▶ Task requirements
Go through the entries and transcribe each one exactly, dropping the pictures.

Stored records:
══════
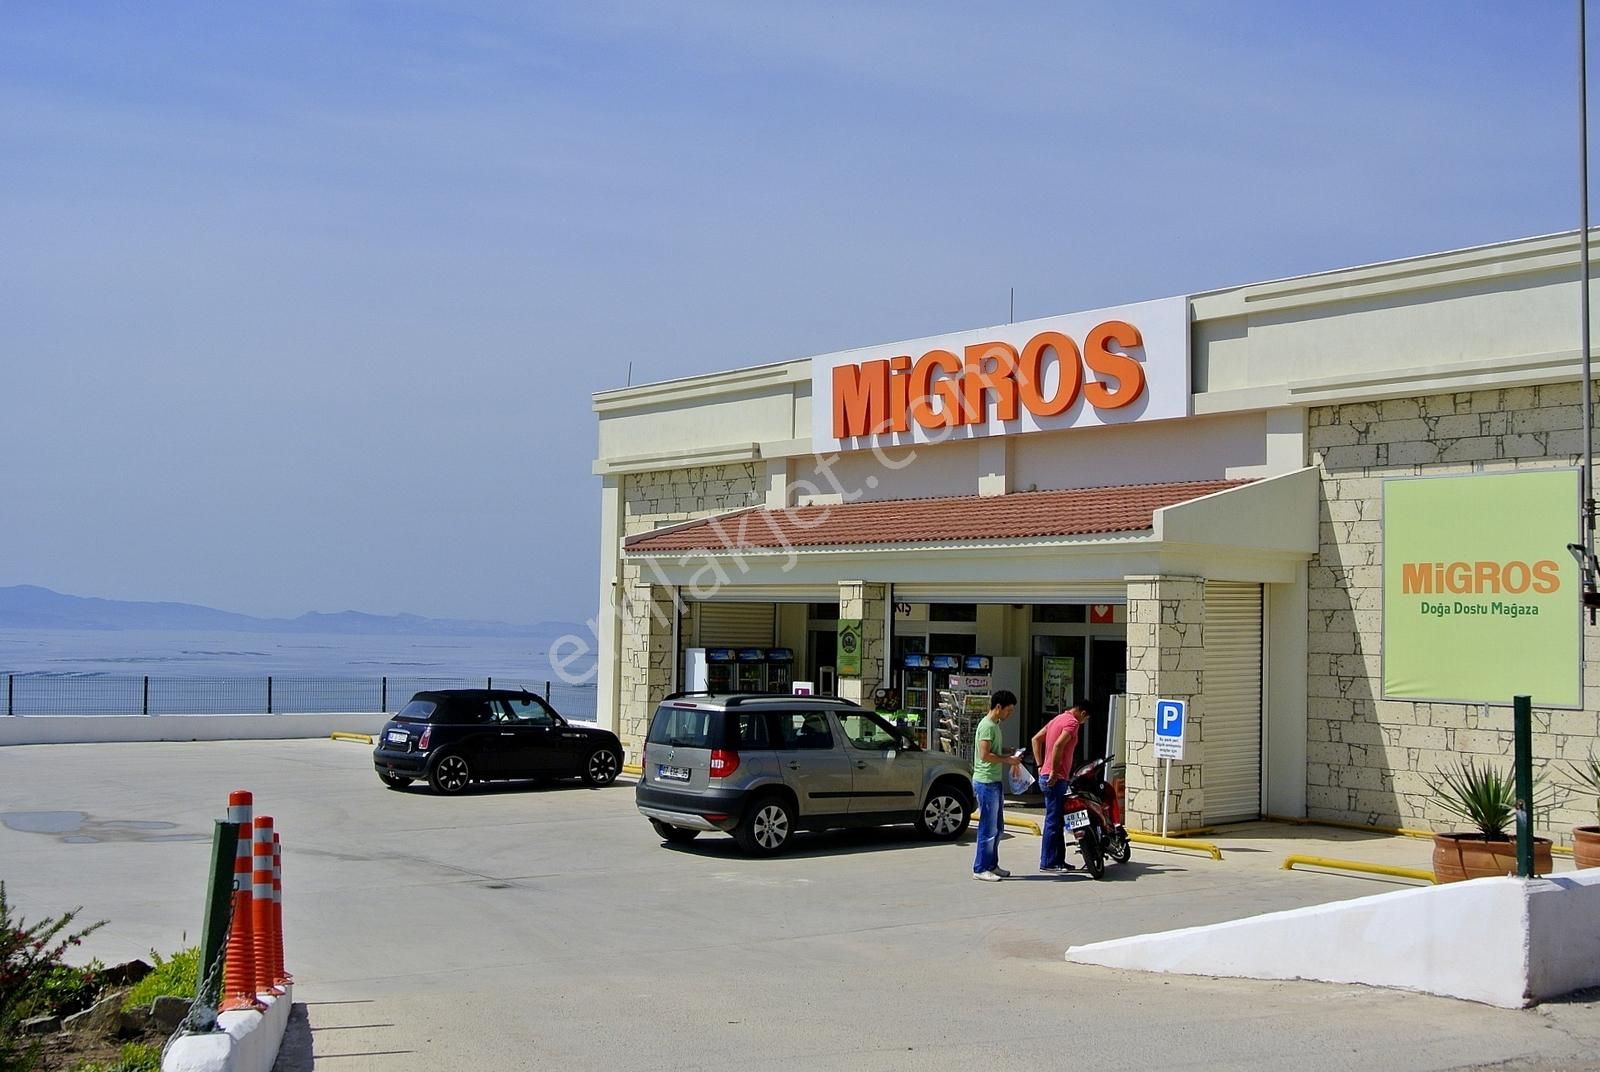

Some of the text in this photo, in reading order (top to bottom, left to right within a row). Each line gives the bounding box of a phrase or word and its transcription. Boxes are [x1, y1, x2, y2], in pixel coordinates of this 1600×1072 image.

[832, 319, 1148, 440] MiGROS
[1402, 560, 1560, 595] MiGROS
[1421, 602, 1539, 618] Doğa Dostu Mağaza
[1163, 706, 1178, 729] P
══════
▶ Answer to this problem
Some of the text in this photo, in reading order (top to bottom, left to right within a row). Each line gives the bounding box of a phrase or word and its transcription. Boxes are [x1, y1, x2, y2], in pixel coordinates of this 1600×1072 image.

[832, 319, 1148, 440] MiGROS
[1402, 560, 1560, 595] MiGROS
[1421, 602, 1539, 618] Doğa Dostu Mağaza
[1163, 706, 1178, 729] P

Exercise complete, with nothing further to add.